2.7 Comparison to Baseline Prosody Prediction Models
As noted in Section 2.2, spoken language dialogue systems often include a separate
prosody prediction component (Pan, McKeown, and Hirschberg 2002; Walker, Rambow,
and Rogati 2002), rather than determining prosodic structure as an integral part of
surface realization, as we do here. Although it is beyond the scope of this article to
compare our approach to a full-blown, machine learning–based prosody prediction
model, we do present in this section an expert evaluation that shows that our approach
outperforms strong baseline n-gram models. In particular, we show that the informa-
tion structural constraints in the grammar play an important role in producing target
prosodic boundaries, and that these boundary choices are preferred to those made by
an n-gram model in isolation.
According to Pan, McKeown, and Hirschberg (2002, page 472), word-based n-gram
models can be surpringly good: “The word itself also proves to be a good predictor for
both accent and break index prediction. . . . Since the performance of this [word] model
is the best among all the [single-feature] accent prediction models investigated, it seems
to suggest that for a CTS [Concept-to-Speech] application created for a specific domain,
features like word can be quite effective in prosody prediction.” Indeed, although their
best accent prediction model exceeded the word-based one, the difference did not reach
statistical significance (page 485). Additionally, word predictability, measured by the
log probability of bigrams and trigrams, was found to significantly correlate with pitch
accent decisions (pages 482–483), and contributed to their best machine-learned models
for accent presence and boundary presence.18
As baseline n-gram models, we trained 1- to 4-gram models for predicting accents
and boundaries using the FLIGHTS speech corpus (Section 3.1), the same corpus used to
train the realizer’s language model. The baseline n-gram models are factored language
models (Bilmes and Kirchhoff 2003), with words, accents, and boundaries as factors.
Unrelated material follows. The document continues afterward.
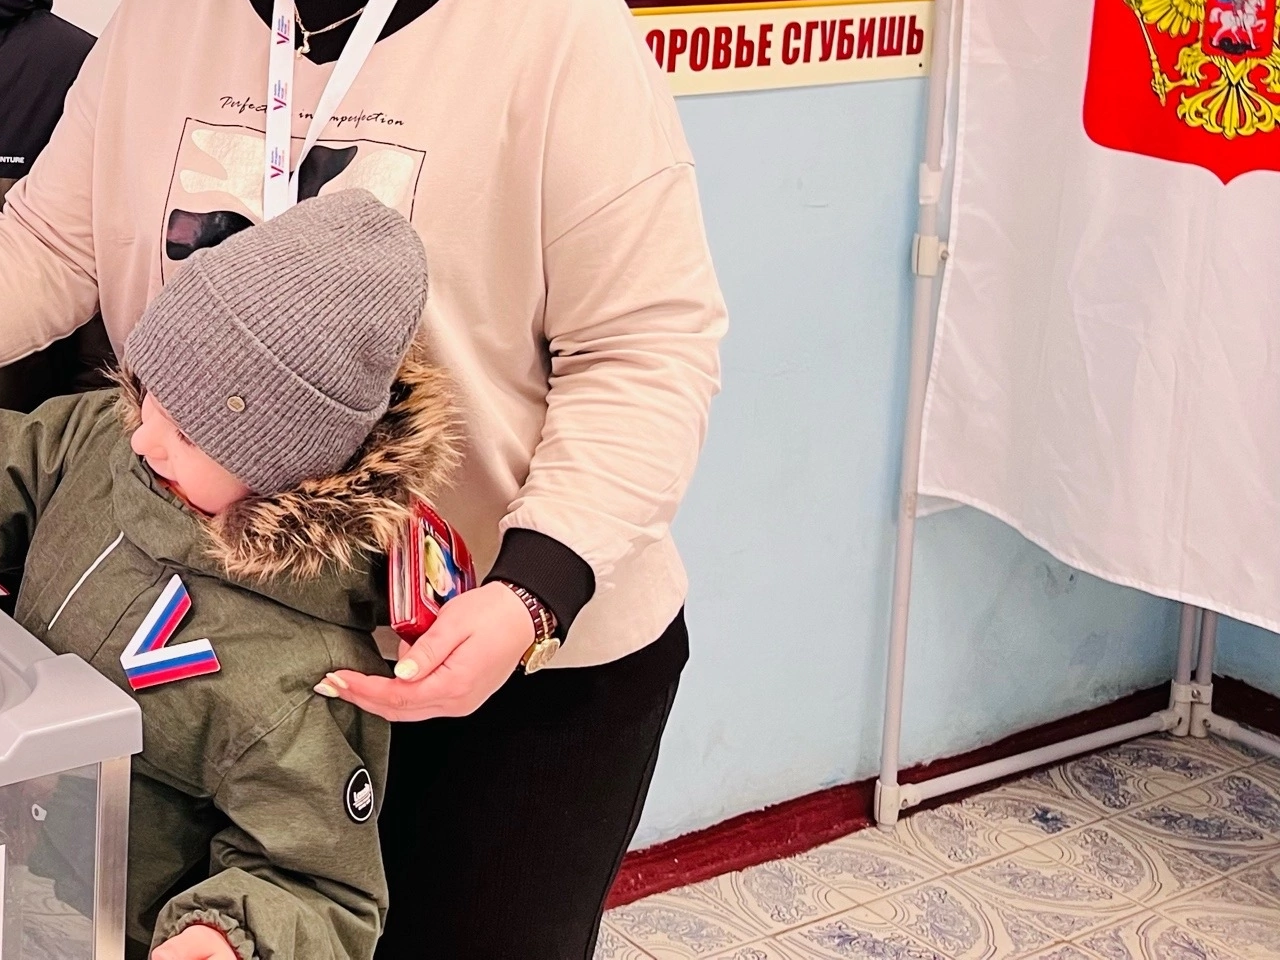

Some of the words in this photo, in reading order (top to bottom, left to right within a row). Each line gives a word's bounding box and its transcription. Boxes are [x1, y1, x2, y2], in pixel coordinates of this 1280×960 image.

The accent models have accent as the child variable and 1–4 words as parent variables,
starting with the current word, and including up to three previous words. The boundary
models are analogous, with boundary as the child variable. With these models, each
maximum likelihood prediction of pitch accent or edge tone is independent of all other
choices, so there is no need to perform a best-path search. The majority baseline predicts
no accent and no edge tone for each word.
18 Note that in our setting, it would be impossible to exactly replicate Pan et al.’s models, in which syntactic
boundaries play an important role, as CCG does not have a rigid notion of syntactic boundary.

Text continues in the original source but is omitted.